Intersectoral competition can be described as legal relations that arise between legal regulations of different legal branches (for example, criminal, penal-executive, criminal procedural, administrative, constitutional, and so on).
Interindustry collisions are divided into the following subtypes:
- conflict between constitutional and sectoral;
- conflict of material and procedural (that is, articles of criminal procedural and criminal substantive law);
- conflict of regulatory and protective (for example, conflict of civil and criminal or tax law);
- conflict of articles of a protective nature that relate to different legal branches (for example, competition between administrative and criminal law norms).
Interlegal competition appears in the relations of legal norms that belong to different systems of law. They are divided into two subspecies:
- conflicts of articles of domestic and international law in the criminal sphere;
- conflicts of articles of criminal national law and norms of foreign criminal law.
Legal provisions that relate to competition regulations
In order to correctly understand the meaning of the concept of competition in the context of criminal law, one should resort to practice (life situations). In general, regulations regarding competition are extremely rarely practiced in court proceedings, however, if such a precedent exists, then punishing the perpetrator for a criminal act becomes somewhat more difficult.
For example, in other countries, such as Spain, the Criminal Code considers an action that falls under several legislative acts, then the case should be reconsidered, along with certain rules that state that an additional norm takes precedence over the main one, and a special norm can be used directly in in case there is no common one.
The general (main) norm indicates a more dangerous act, and at the same time the special (additional) norm shows the circumstances in which the act provides for a reduced sentence.
According to Article 105, intentional infliction of bodily harm resulting in the possible death of an innocent person. And based on Article 107, unintentional infliction of bodily injury that resulted in death, committed in a state of emotional instability (affect).
- A state of emotional instability is a condition caused by some kind of stress or fear. For example, a mother saw that her child was being beaten and, in order to protect her child, killed the culprit by hitting him on the head with a vase.
- Intentionally inflicting bodily harm resulting in possible death is an act committed according to a preliminary plan.
So, if there is enough evidence and proof, the defendant can receive a reduced court decision, or a more severe punishment for an act committed in his right mind.
Simply put, there is a competition of norms when assigning punishment.
Other competition norms
In 2022, the issue of competition between regulations issued at different times remains relevant.
According to the rules, a criminal law norm issued at a later date is subject to application, except in cases where the old norms eliminate punishment, mitigate criminal liability or otherwise improve the position of the accused, based on the provisions of Art. 10 of the Criminal Code of the Russian Federation.
The competition between foreign and national legislation is considered on the basis of agreements on mutual legal assistance.

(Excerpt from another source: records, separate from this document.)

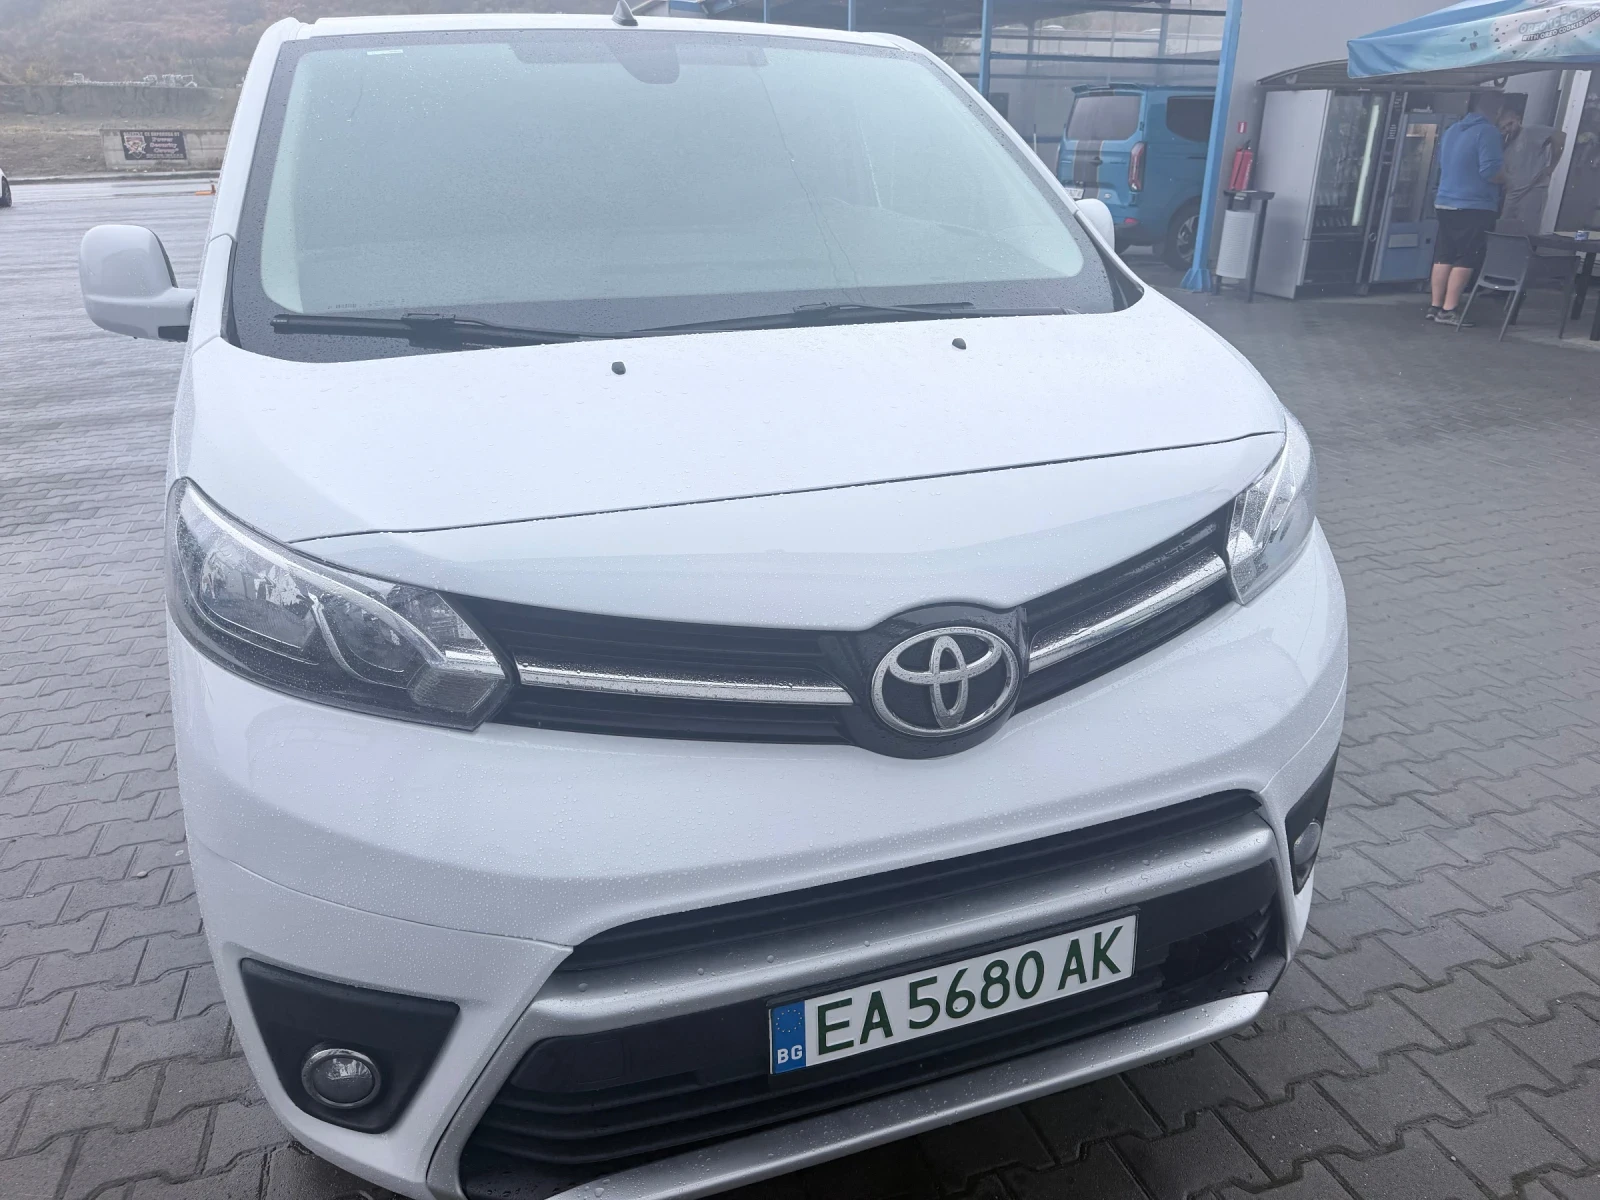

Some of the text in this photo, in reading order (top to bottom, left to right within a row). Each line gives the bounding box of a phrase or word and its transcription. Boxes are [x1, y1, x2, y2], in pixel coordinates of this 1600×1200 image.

[1519, 21, 1548, 34] OREO
[1540, 28, 1558, 39] OREO
[1559, 20, 1584, 34] COOKIE
[817, 925, 1124, 1056] EA 5680 AK
[777, 1045, 803, 1064] BG
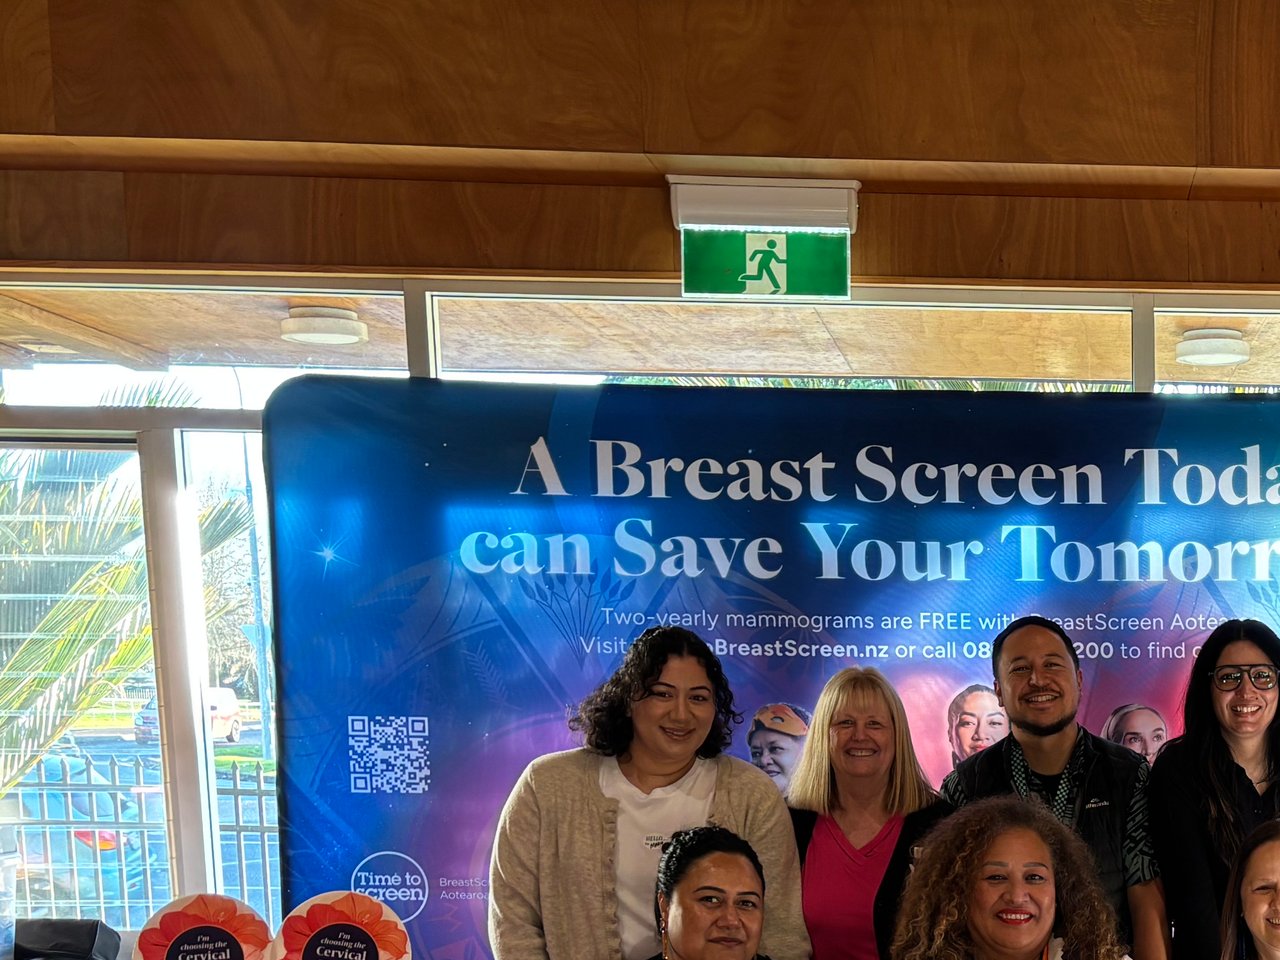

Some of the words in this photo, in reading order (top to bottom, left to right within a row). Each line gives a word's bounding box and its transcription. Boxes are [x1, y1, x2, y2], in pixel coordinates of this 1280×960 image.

[510, 436, 573, 496] A
[589, 439, 837, 502] Breast
[855, 444, 1106, 506] Screen
[460, 531, 595, 575] can
[613, 517, 783, 579] Save
[800, 521, 984, 583] Your
[601, 607, 719, 631] Two-yearly
[726, 611, 875, 633] mammograms
[880, 614, 913, 630] are
[920, 613, 972, 630] FREE
[579, 636, 627, 655] Visit
[895, 646, 916, 659] or
[922, 641, 956, 659] call
[1120, 644, 1141, 659] to
[1147, 642, 1185, 659] find
[357, 872, 402, 886] Time
[405, 872, 422, 886] to
[440, 878, 487, 887] BreastSc
[320, 937, 353, 948] choosing
[338, 932, 351, 940] I'm
[180, 942, 214, 951] choosing
[316, 946, 367, 960] Cervical

If there is a bilateral agreement, priority must be given to the norms of foreign legislation.
In competition between the norms of international law and the norms of national legislation, preference is given to the norms of international law, in accordance with Part 2 of Art. 1 of the Criminal Code of the Russian Federation.

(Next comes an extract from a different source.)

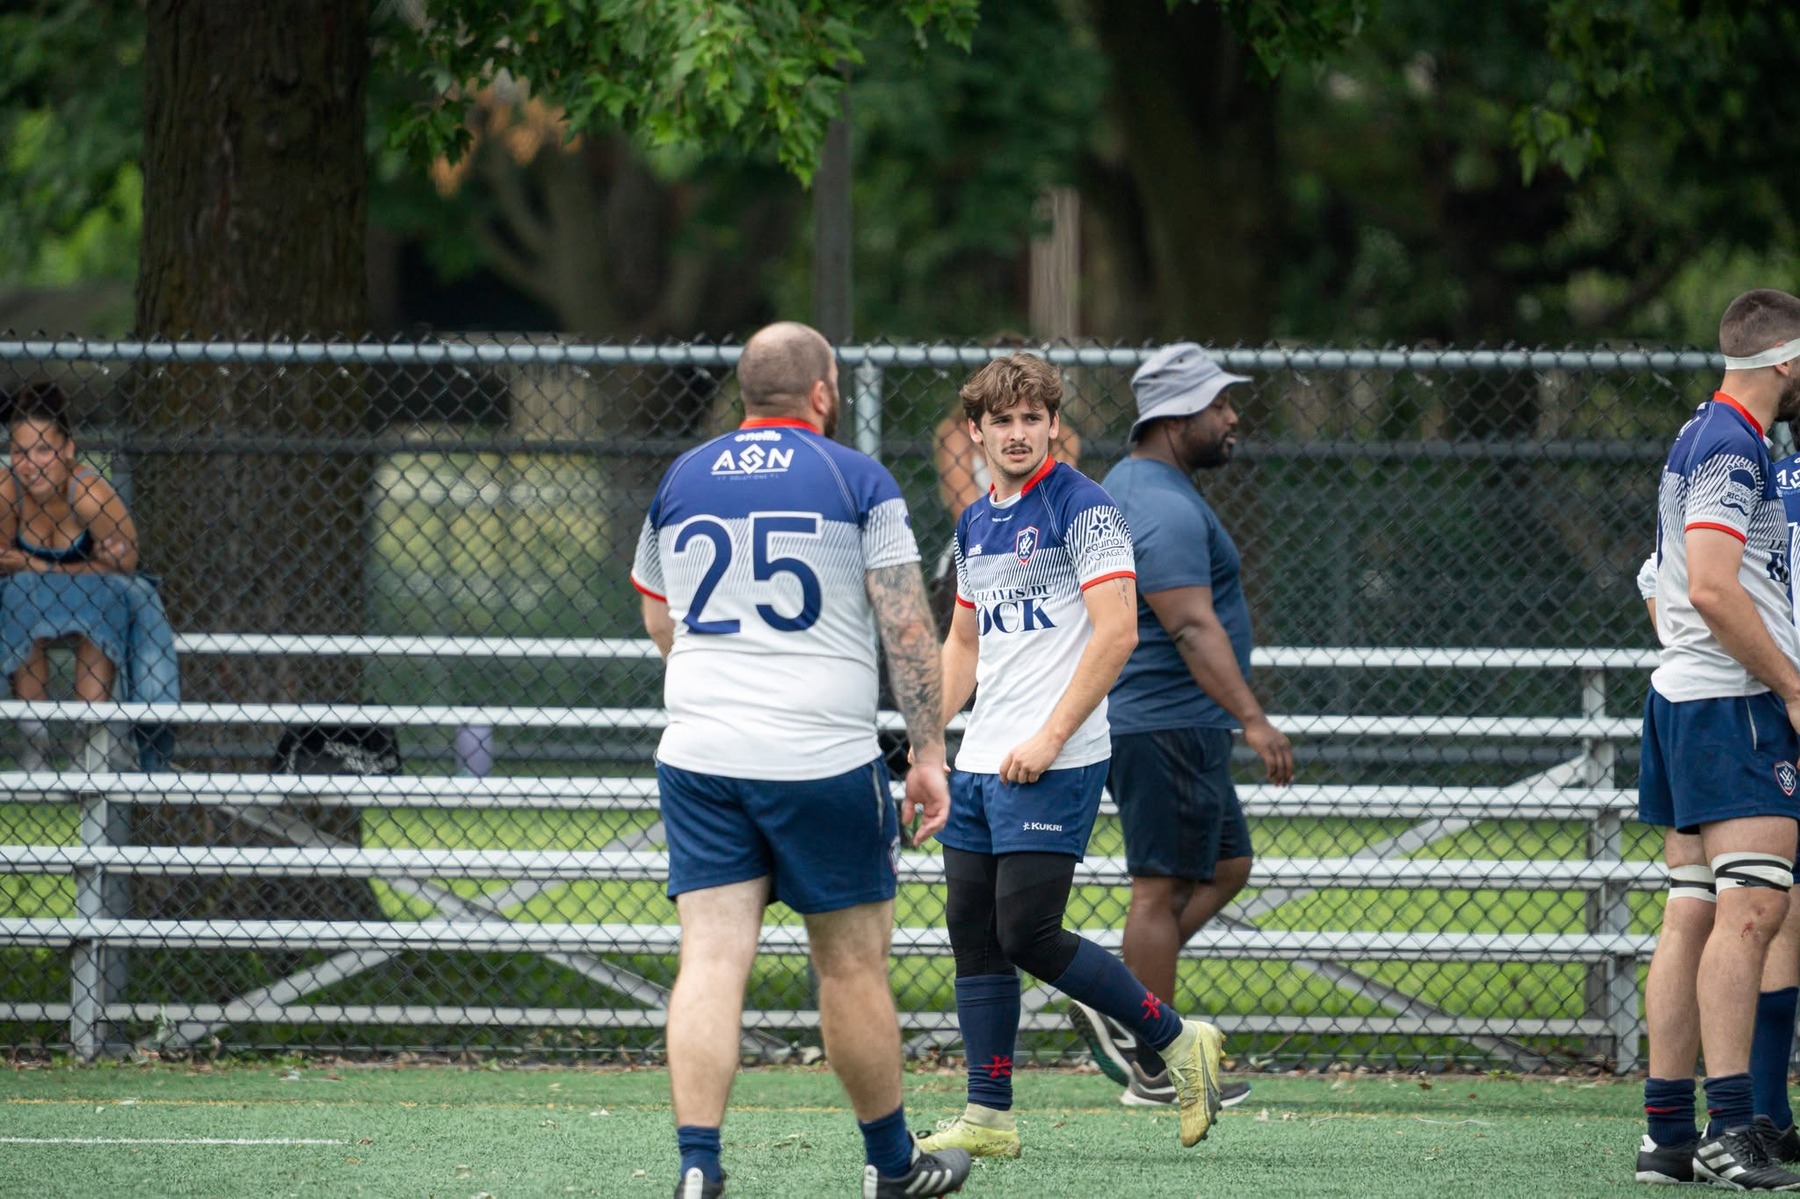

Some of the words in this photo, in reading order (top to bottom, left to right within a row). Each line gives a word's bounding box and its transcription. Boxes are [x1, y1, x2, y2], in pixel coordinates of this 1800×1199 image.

Only criminal law norms aimed at solving the same issue can compete with each other. They also differ in the time of adoption of the law, in whether they belong to international or national legislation.

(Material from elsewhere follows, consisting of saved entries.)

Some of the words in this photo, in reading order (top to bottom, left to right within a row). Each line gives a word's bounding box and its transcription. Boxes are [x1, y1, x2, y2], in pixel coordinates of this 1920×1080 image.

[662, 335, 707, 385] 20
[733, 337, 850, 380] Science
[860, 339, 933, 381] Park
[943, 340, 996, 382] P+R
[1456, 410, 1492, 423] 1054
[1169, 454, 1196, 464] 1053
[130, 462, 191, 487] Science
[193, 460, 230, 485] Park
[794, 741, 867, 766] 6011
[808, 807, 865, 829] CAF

The difference between them also exists in the presence or absence of any additional features, for example: Art. 105, 106, 107, 108, 277, 295, 317 of the Criminal Code of the Russian Federation.
Since competing norms help regulate the same issues, a certain relationship can be seen between them.
The theory of criminal law states that if by the time these norms are applied, one of them is abolished, then the crime should be classified according to the remaining norm. Experts only partially agree with this position.
For example, there is one responsibility for the theft of someone else’s property and another responsibility for the theft of especially valuable items, but they are also someone else’s property.
Upon repeal of Art. 164 of the Criminal Code of the Russian Federation, the acts of an attacker who stole especially valuable things can be classified under articles that provide punishment for the theft of someone else's property.
If an ordinary thing belonging to someone else is stolen, then the article for theft of someone else’s property will be canceled . If there is an article for the theft of especially valuable items, then the crime will not be classified under Art. 164 of the Criminal Code of the Russian Federation, since an ordinary thing does not belong to objects of special value, and the actions of the criminal will not constitute a crime. As a result, if a special norm is repealed, the general norm applies, but not vice versa.
Competition of rules differs from a set of crimes, in which more than two criminal law rules may be applied. The most difficult thing is to distinguish competition from an ideal aggregate when one crime is committed.
In competition, one or more illegal results may be caused, but the act is covered simultaneously by each of the competing rules.
With an ideal combination, more than two socially dangerous consequences are achieved and liability is provided in accordance with various criminal law norms.
Types of competition
Competition in criminal law has 3 minor types when qualifying crimes.
- temporal (in other words, involved in a certain time frame);
- spatial (in other words, fundamental on the territorial aspect);
- hierarchical (based on legal force).
Temporal competition demonstrates the elimination of the same problem by more than one act of the Criminal Code, which was established during the investigation at different hourly stages. The main rule of this type is the annulment of competition (Article 10 of the Criminal Code of the Russian Federation).
Spatial competition also represents the elimination of one problem, but from the point of view of territorial significance. That is, an offense started in one country and completed in another. To eliminate this type of competition, it is allowed to take into account the very place where the violation began (Article 11 of the Criminal Code of the Russian Federation).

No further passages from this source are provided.